For more information, see Creating IAM Roles.

Deploying a Lambda layer

This post uses a Lambda layer that extends the AWS Python SDK (boto3) that is built into the Lambda Python runtime by adding the AWS Data Exchange and AWS Marketplace Catalog API SDKs as of November 13, 2019. You can deploy a sample layer published for this post, but you should use the version of the AWS SDK that matches your needs.

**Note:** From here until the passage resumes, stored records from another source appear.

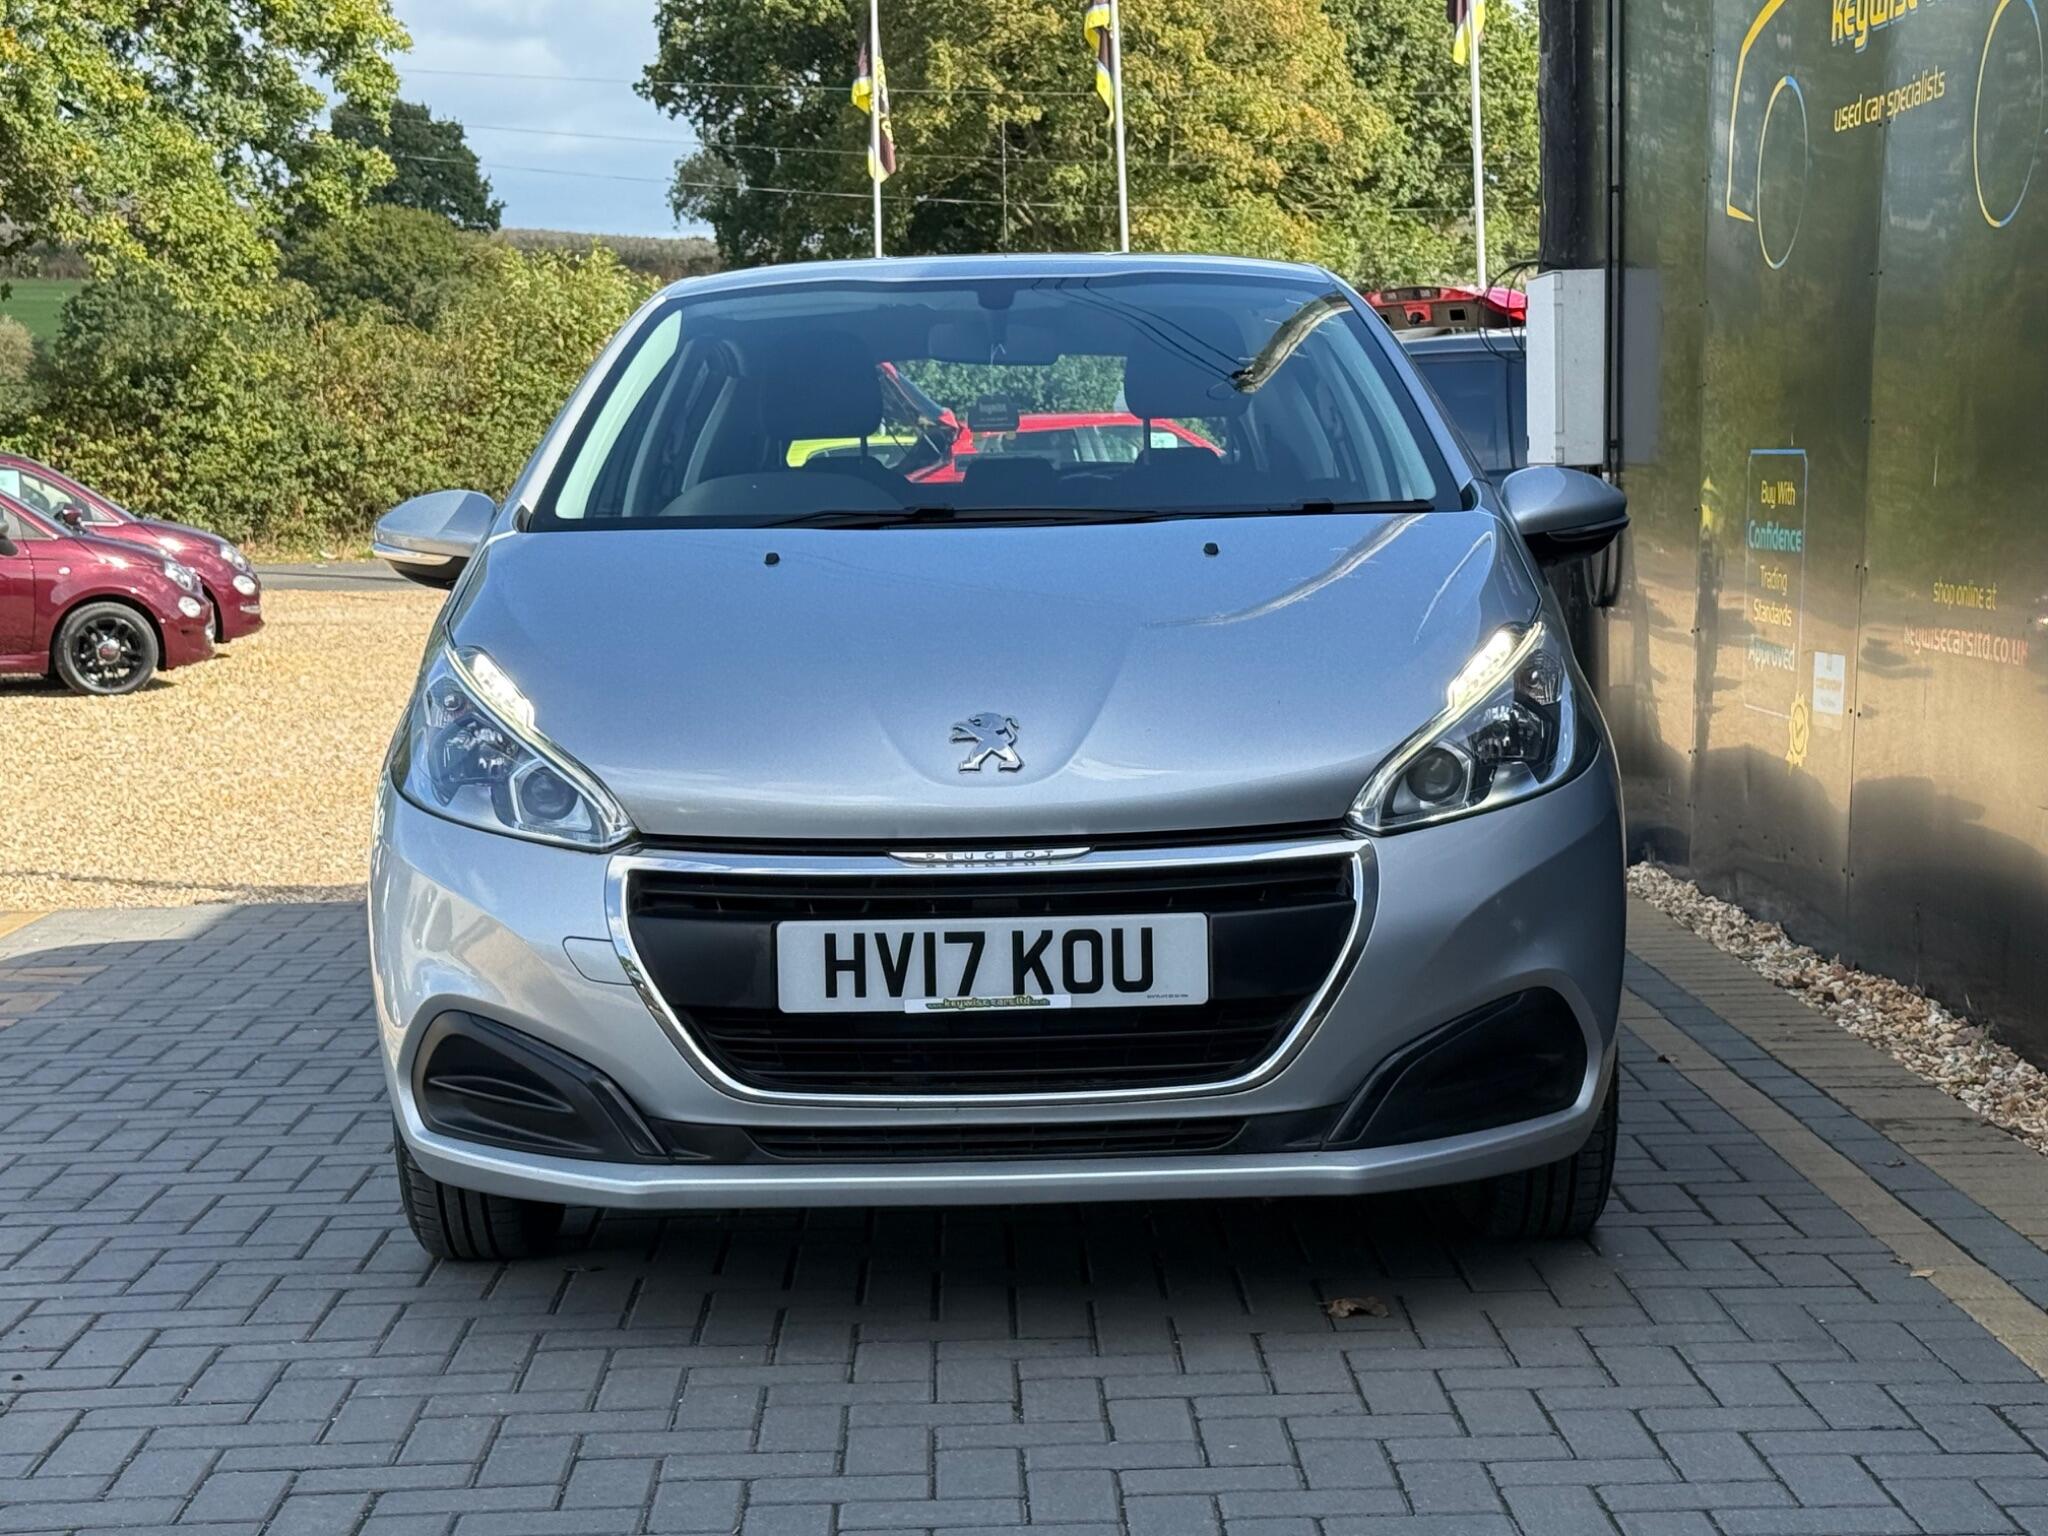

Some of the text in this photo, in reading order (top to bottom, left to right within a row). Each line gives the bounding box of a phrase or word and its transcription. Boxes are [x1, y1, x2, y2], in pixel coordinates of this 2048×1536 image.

[1834, 65, 1946, 132] used car specialists
[1761, 479, 1796, 509] Buy With
[1748, 519, 1802, 552] Confidence
[1760, 565, 1788, 596] Trading
[1933, 576, 1998, 610] shop online at
[1753, 598, 1793, 627] Standards
[1747, 633, 1796, 672] Approved
[1903, 627, 2029, 666] keywisecarsltd.co.uk
[926, 850, 1054, 860] PEUGEOT
[824, 927, 1154, 999] HV17 KOU

Creating a Lambda function

Now that you created the IAM role and deployed the Lambda layer with your latest SDK, you can create a Lambda function using the following steps:

  1. On the Lambda console, choose Create a function.
  2. In the Create function section, choose Author from scratch.
  3. In the Basic information section, configure your Lambda function with the following information:
    1. For Function name, enter a name of your choice.
    2. For Runtime, choose Python 3.7.
    3. For Permissions, select Use an existing role.
    4. From the Existing role dropdown, select the Lambda role you created earlier.
  4. Choose Create function.

Configuring your Lambda function

You can now configure your Lambda function. You first need to configure the function to be triggered when new files upload to the S3 bucket. Complete the following steps:

  1. On the Lambda console, choose Functions.
  2. Select the newly created function.
  3. On the function configuration page, choose Add trigger.
  4. Under Trigger Configuration, choose S3.
  5. From the drop-down, select the bucket you created as a part of the prerequisites.
  6. Under Event type, choose All Object Create Events.
  7. Optionally, choose a Prefix or a Suffix if you want to only publish specific files to your AWS Data Exchange product.
  8. Choose Add.

To confirm your code is running with the appropriate SDK, associate the Lambda layer that you deployed earlier with your Lambda function. As noted previously, this post published a sample layer, but you should use the appropriate version of the AWS SDK that matches your needs.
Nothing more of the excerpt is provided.